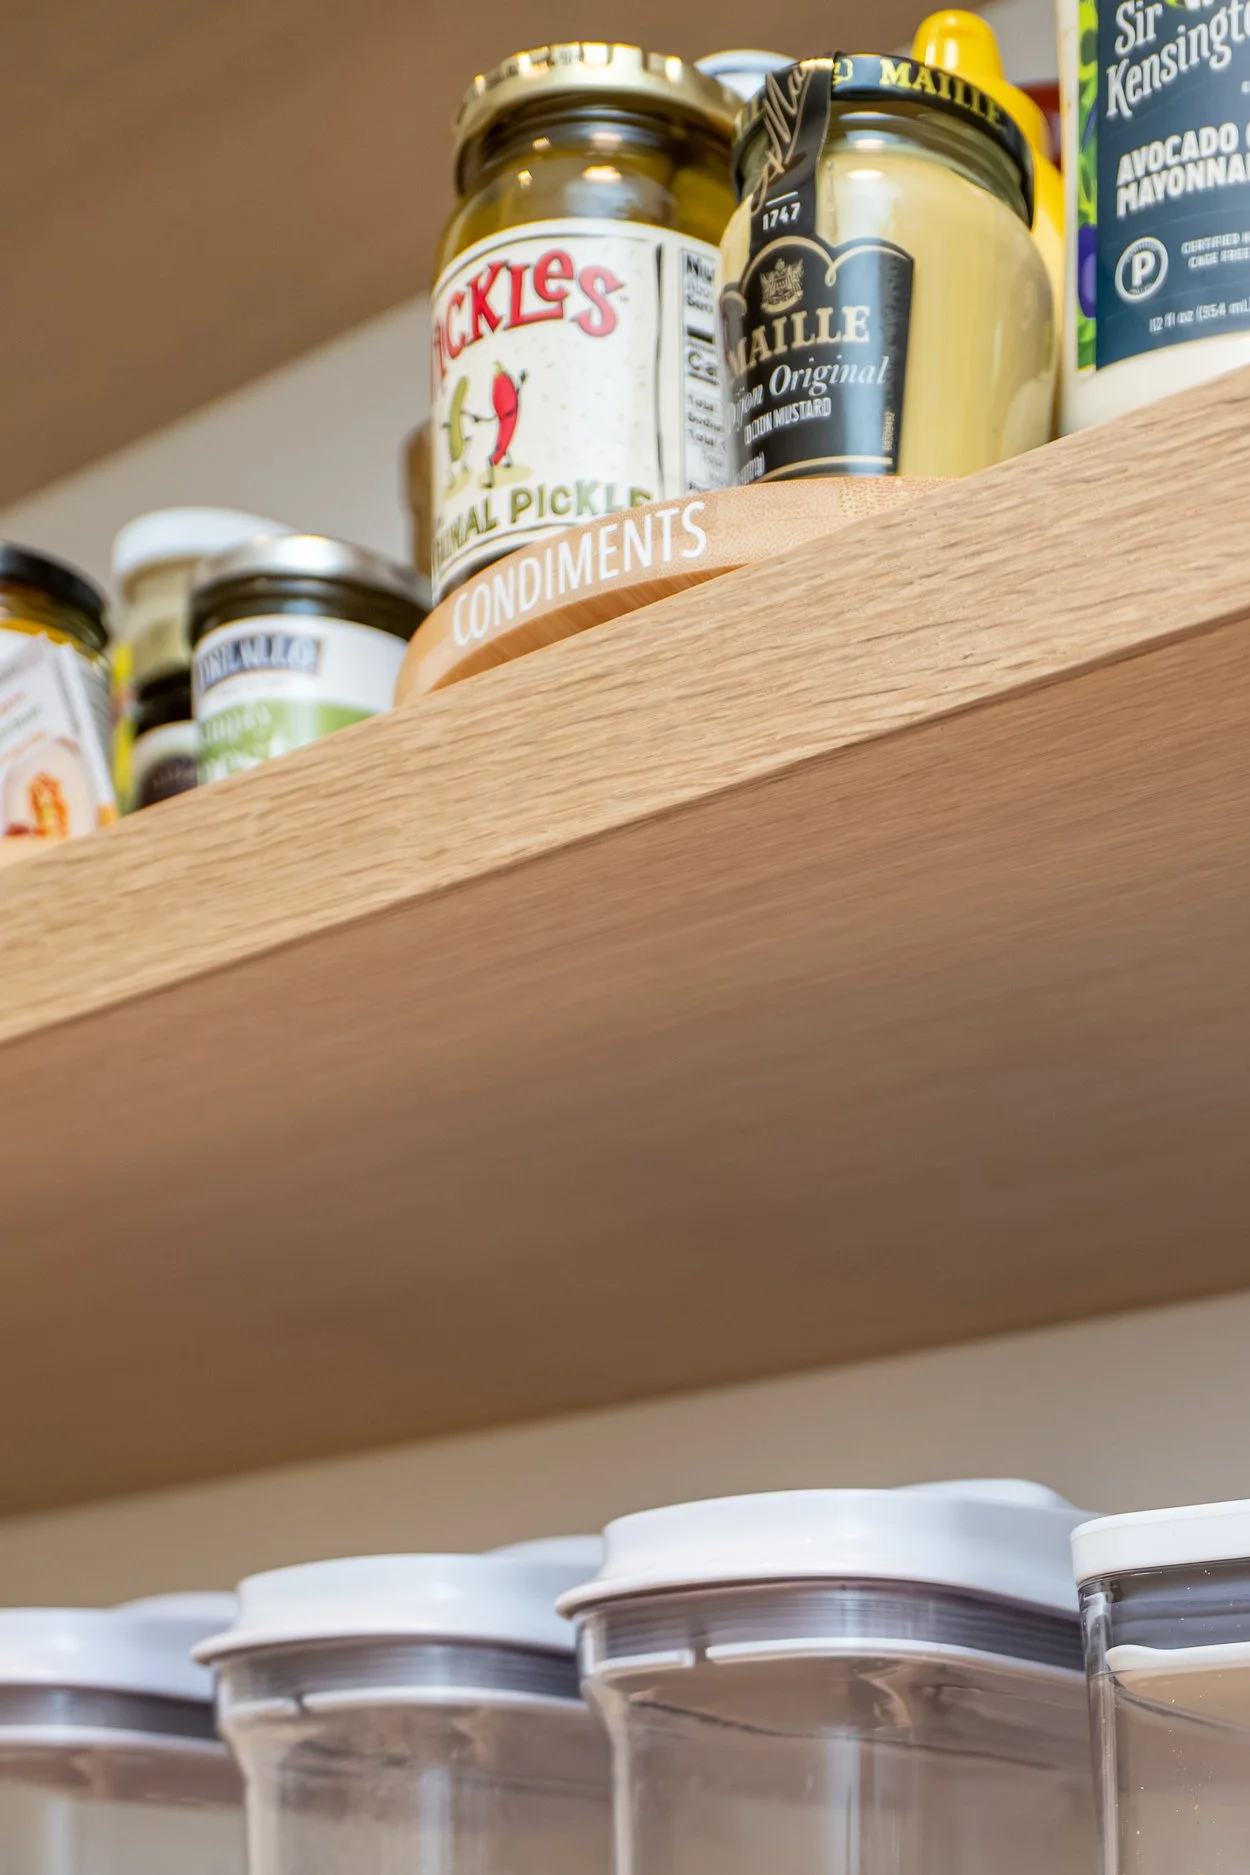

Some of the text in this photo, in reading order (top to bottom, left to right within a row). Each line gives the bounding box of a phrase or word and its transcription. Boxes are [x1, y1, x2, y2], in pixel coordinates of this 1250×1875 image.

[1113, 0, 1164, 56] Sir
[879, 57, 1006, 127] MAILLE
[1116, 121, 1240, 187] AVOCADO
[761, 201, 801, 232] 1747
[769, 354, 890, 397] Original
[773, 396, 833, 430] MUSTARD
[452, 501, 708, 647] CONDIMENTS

==*==

Except for the pictures, set down all of the records exactly as they are.

### [ANSWER SECTION]
Some of the text in this photo, in reading order (top to bottom, left to right within a row). Each line gives the bounding box of a phrase or word and its transcription. Boxes are [x1, y1, x2, y2], in pixel coordinates of this 1250×1875 image.

[1113, 0, 1164, 56] Sir
[879, 57, 1006, 127] MAILLE
[1116, 121, 1240, 187] AVOCADO
[761, 201, 801, 232] 1747
[769, 354, 890, 397] Original
[773, 396, 833, 430] MUSTARD
[452, 501, 708, 647] CONDIMENTS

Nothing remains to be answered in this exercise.